On most levels, Auriol Smith's production is outstanding. At first the Orange Tree's small in-the-round stage is filled with furniture and folk like Rosita's uncle (Tim Hardy rich-voiced and pedantically insistent) caring more for his fragile roses than for any person, Rosita perhaps excepted. By the end references to cars and planes helping mark time shifts between 1885 and 1910 uncle's dead, Hardy ironically doubling as one of the furniture-removers when the family sells-up.

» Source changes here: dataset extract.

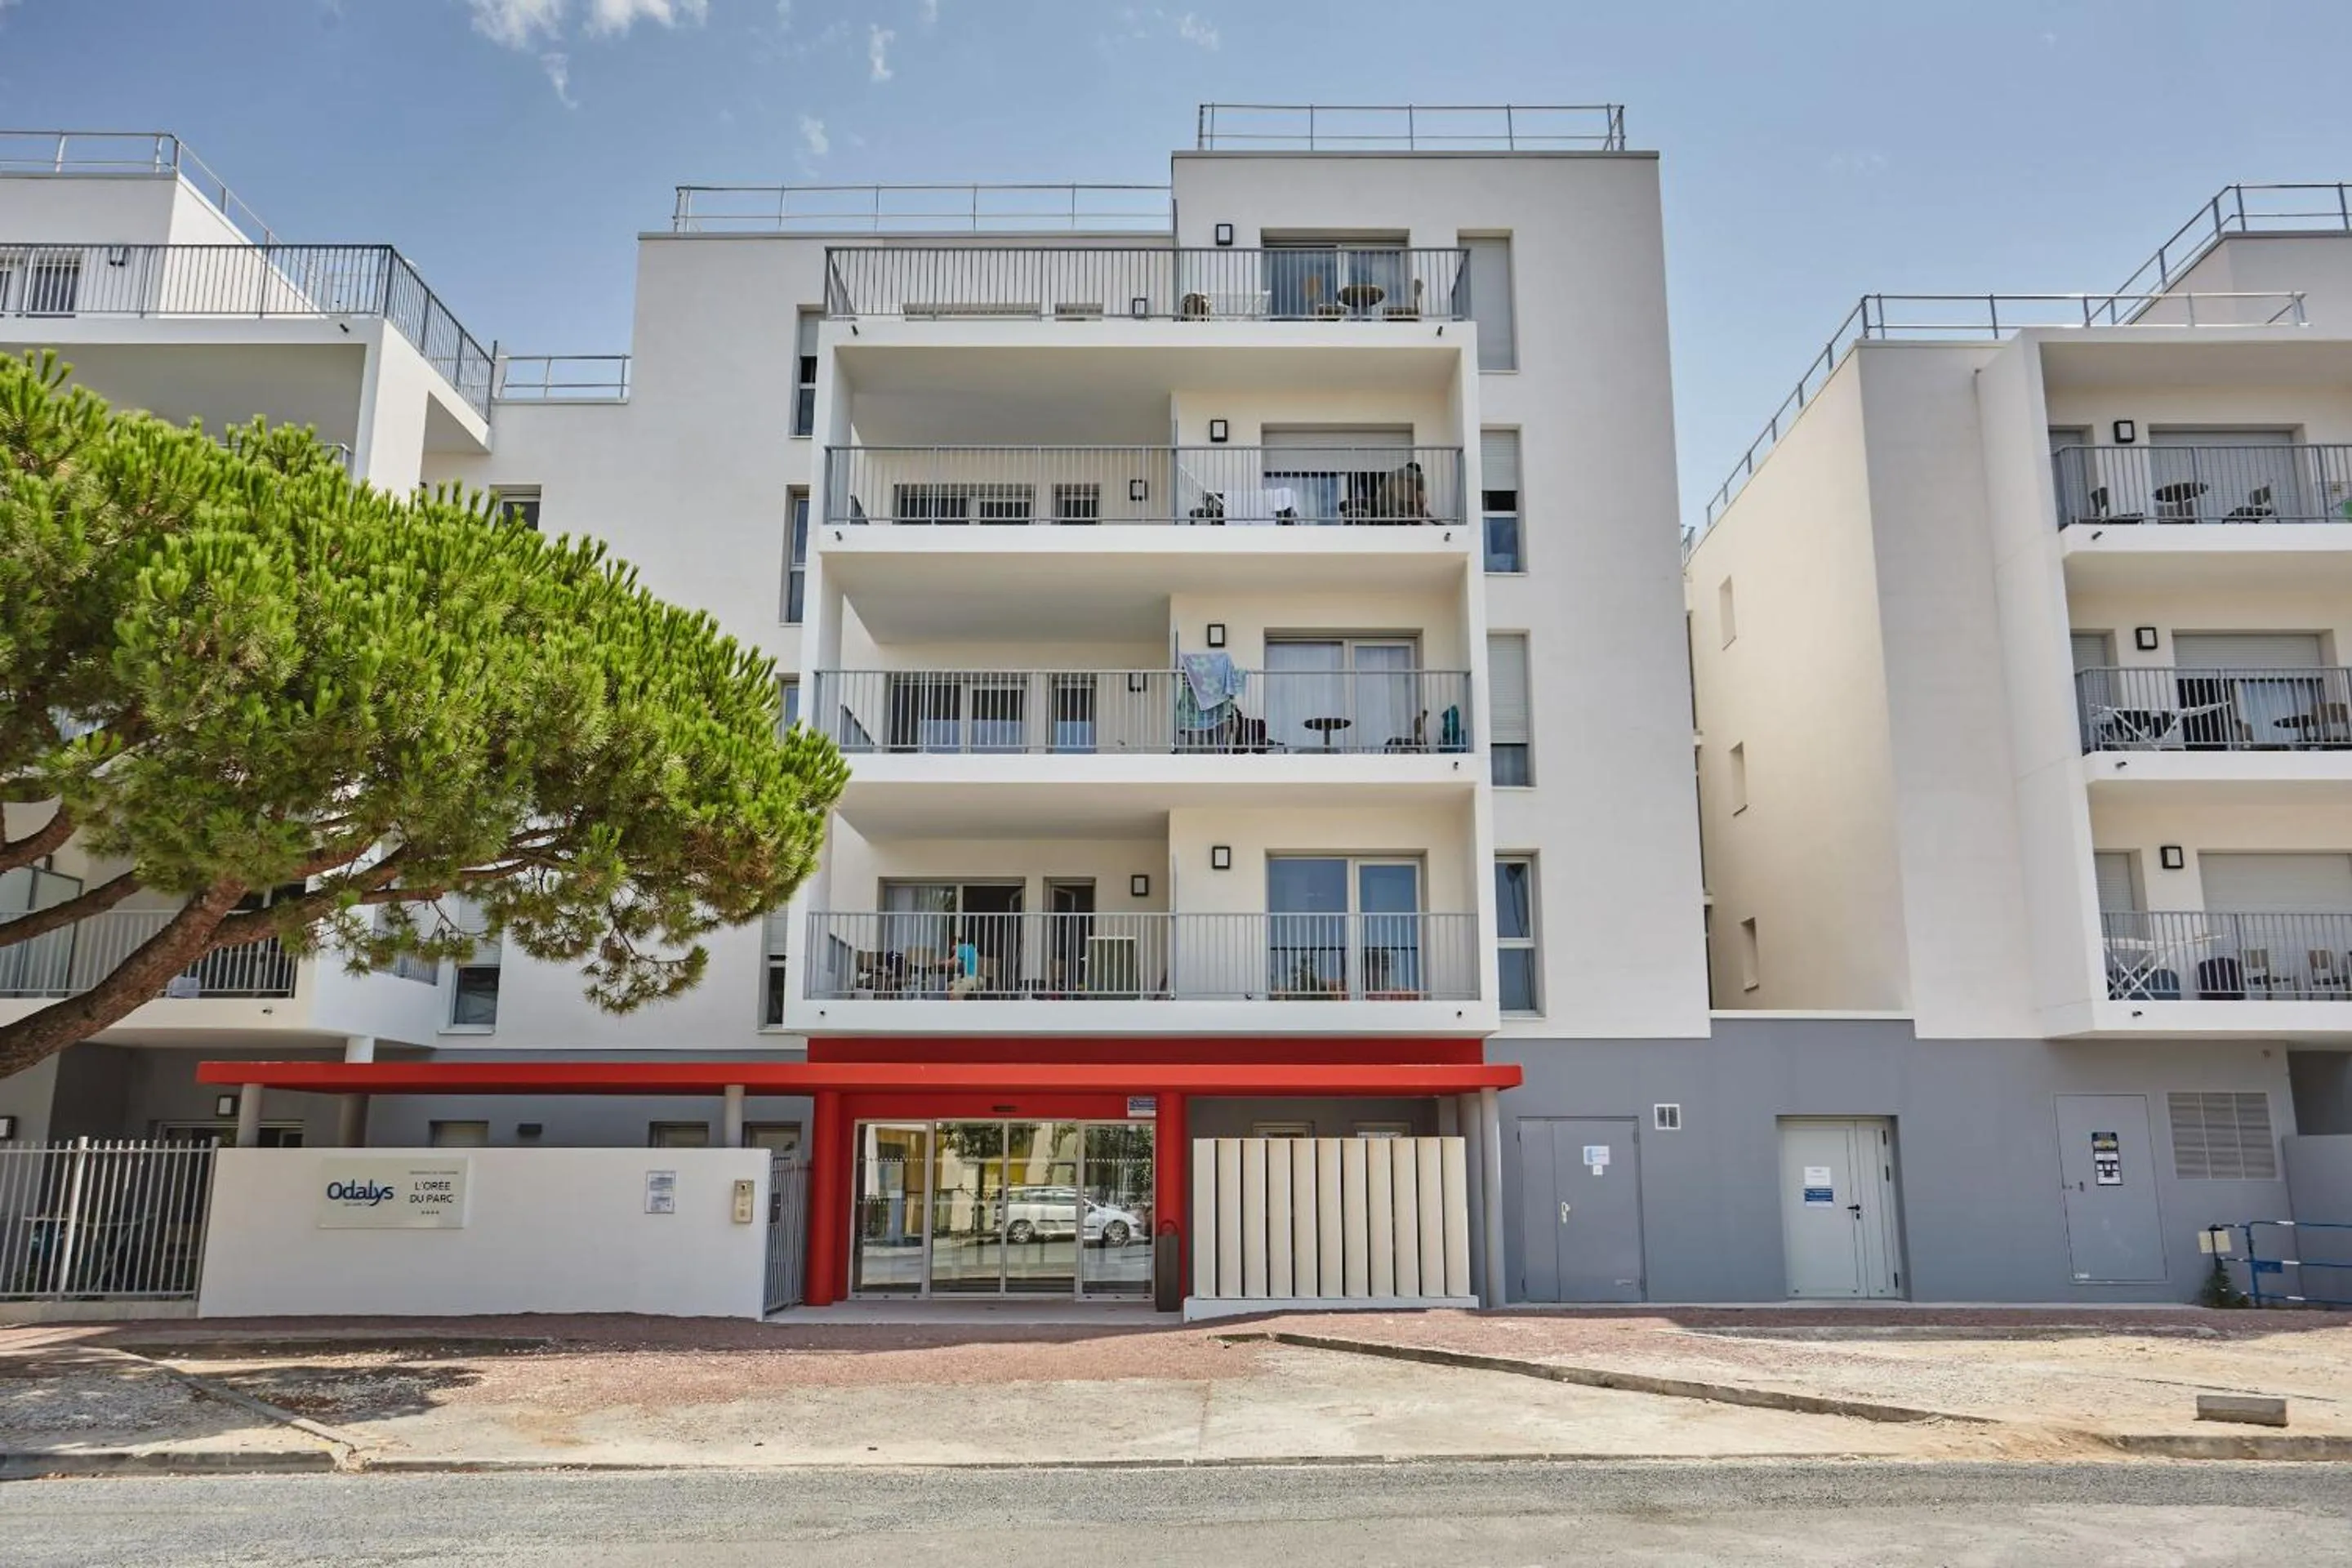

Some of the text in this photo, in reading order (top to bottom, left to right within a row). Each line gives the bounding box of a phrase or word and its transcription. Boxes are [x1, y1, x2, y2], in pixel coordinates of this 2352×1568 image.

[327, 1178, 394, 1206] Odalys
[409, 1194, 454, 1203] DU PARC

By then colour and song have gone; all is cold and muted. Deserted by her fiancée (here, a trendy 19th century nincompoop) Paula Stockbridge ages finely, the face setting and pale, while the body remains resolute. She's accompanied now only by old faithfuls, a brilliantly tetchy partnership by Sheila Reid and Anna Cartaret, Cartaret's Housekeeper asserting her servant status in quarrels to upset an angry mistress who regards her as one of the family.
There's sympathetic comedy as increasing exigencies straiten circumstances. It all points to a spinster's path in Spanish society of the time, emphasised by choric female families: the mystical Manola sisters, seen in the first act and recalled bitingly near the end, the black-laced, straight-backed spinsters with their mother and respectability for companions, sitting to tea opposite the two life-loving Ayolas.
It's in these choric sections, particularly the mystically-described Manolas, the production comes up against limits of space and resources. Close-up, reality works fine but physical proximity detracts from the poetic weave around the characters. So too, despite the admirable pianism of some cast members, song doesn't fully take flight.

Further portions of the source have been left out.